___ RECORDS SHOWN

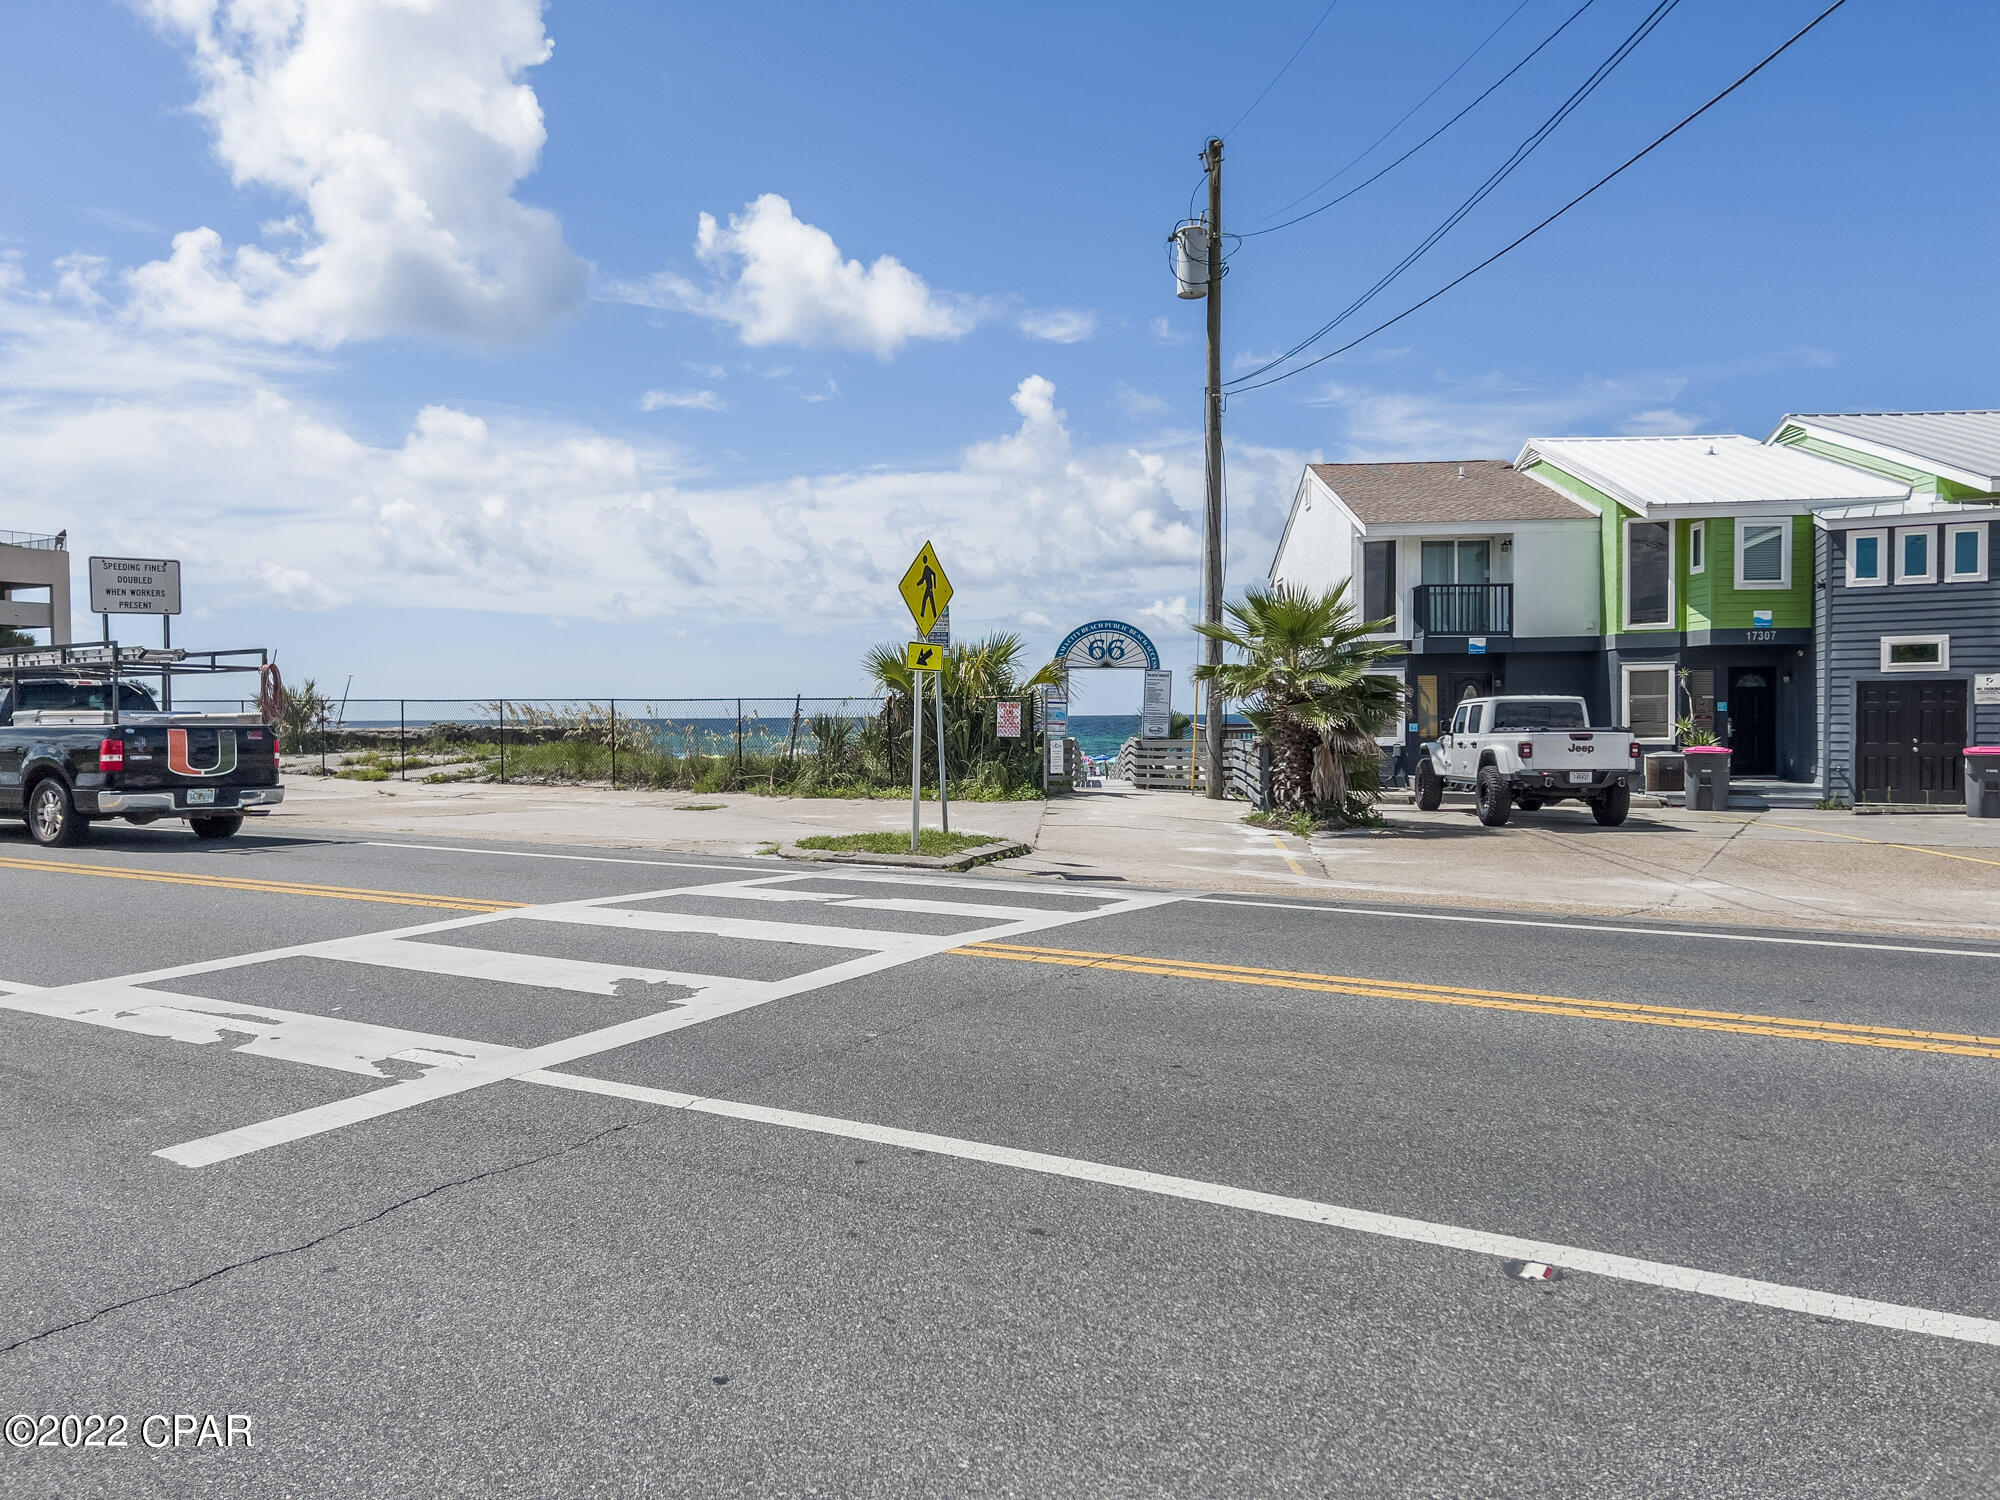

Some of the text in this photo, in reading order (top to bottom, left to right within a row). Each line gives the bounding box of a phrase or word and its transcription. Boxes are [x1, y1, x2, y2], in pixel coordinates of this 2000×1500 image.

[103, 563, 166, 572] SPEEDING FINES
[117, 576, 153, 584] DOUBLED
[105, 588, 166, 597] WHEN WORKERS
[119, 601, 152, 609] PRESENT
[1081, 623, 1104, 633] BEACH
[1104, 623, 1127, 631] PUBLIC
[1746, 630, 1776, 641] 17307
[1088, 639, 1125, 661] 66
[167, 728, 238, 778] U
[1568, 743, 1595, 754] Jeep
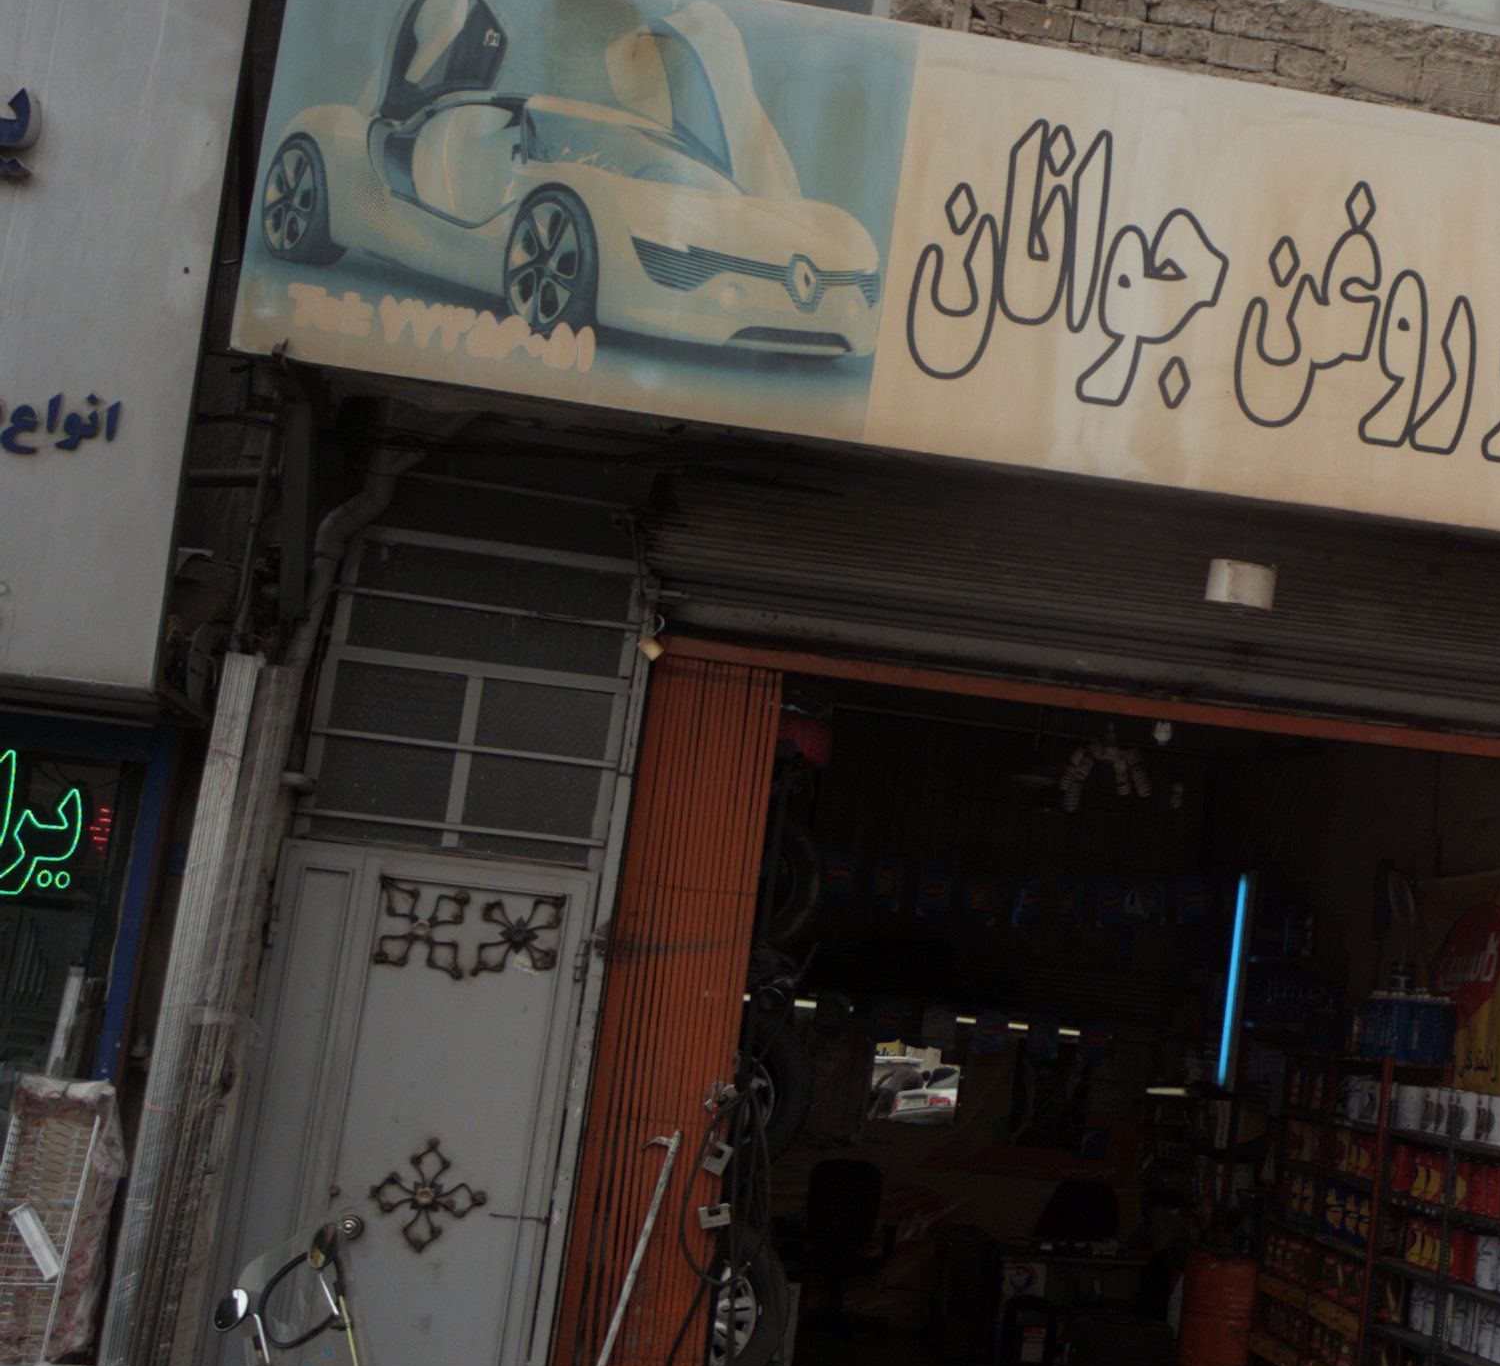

______

• ACTIVITY: From first line to last, return the records verbatim without their pictures.

• RESULT OF THIS TASK:
Some of the text in this photo, in reading order (top to bottom, left to right within a row). Each line gives the bounding box of a phrase or word and its transcription. Boxes are [x1, y1, x2, y2], in pixel coordinates of this 2000×1500 image.

[103, 563, 166, 572] SPEEDING FINES
[117, 576, 153, 584] DOUBLED
[105, 588, 166, 597] WHEN WORKERS
[119, 601, 152, 609] PRESENT
[1081, 623, 1104, 633] BEACH
[1104, 623, 1127, 631] PUBLIC
[1746, 630, 1776, 641] 17307
[1088, 639, 1125, 661] 66
[167, 728, 238, 778] U
[1568, 743, 1595, 754] Jeep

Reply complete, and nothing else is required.